Growing evidence challenges the concept that high-density lipoprotein-cholesterol (HDL-C) is cardioprotective after menopause. HDL particle concentration (HDL-P) and cholesterol efflux capacity (CEC) might be better predictors of cardiovascular risk. Quantify alterations in HDL-P and CEC during menopause, correlating those changes with alterations in estradiol (E2) and FSH. Longitudinal study of HDL metrics before and after menopause as indexed by the final menstrual period (FMP). Forty-six women, mean baseline age 47.1 years, 33% black, 67% white. HDL-P concentration (HDL-PIMA) by calibrated ion mobility analysis (IMA); macrophage CEC with cAMP-stimulated macrophages; ATP-binding cassette transporter A1 (ABCA1)-specific CEC with BHK cells expressing human ABCA1. After a median of 2.1 years since FMP, both HDL-C (P = .03) and HDL-PIMA (P = .01) increased, with a selective increase in large HDL-PIMA (P = .01), whereas sizes of medium and small HDL-PIMA were decreased (P < .05).

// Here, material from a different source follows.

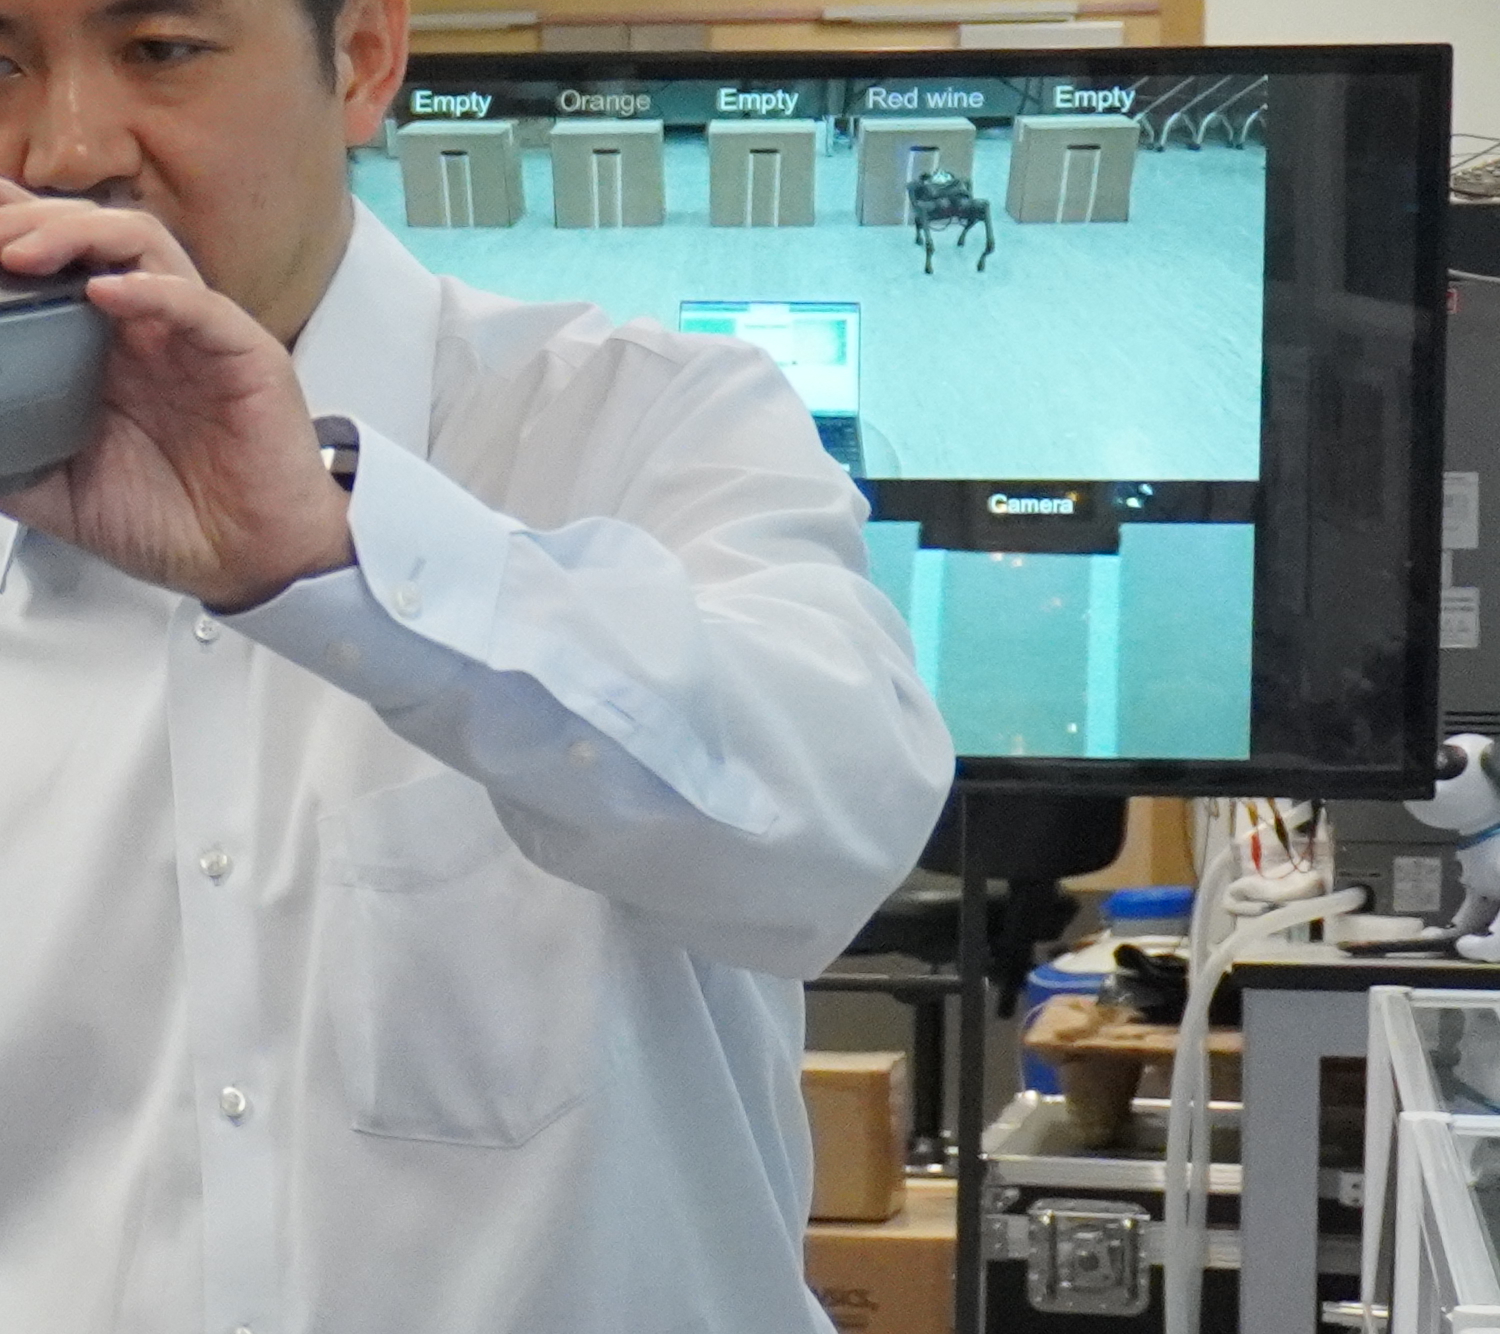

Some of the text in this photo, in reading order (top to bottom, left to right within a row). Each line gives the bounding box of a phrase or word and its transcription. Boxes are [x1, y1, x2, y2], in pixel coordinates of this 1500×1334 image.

These changes were independent of race, body mass index, and time difference. Macrophage CEC and ABCA1-specific CEC increased after FMP (both P < .001). Greater declines in E2 correlated with larger increases in small HDL-PIMA (P = .01), whereas greater increases in FSH associated with greater reductions in the size of medium HDL-PIMA (P = .04). Macrophage CEC and ABCA1-specific CEC correlated positively with E2 levels only before menopause (P = .04 and .009, respectively). Large HDL-PIMA and CEC increased significantly in the early phase of the menopausal transition. Whether patterns of these alterations differ in late postmenopause is unknown. Further exploration is needed to assess that and to determine whether the reported changes in HDL metrics associate with increased cardiovascular risk after menopause.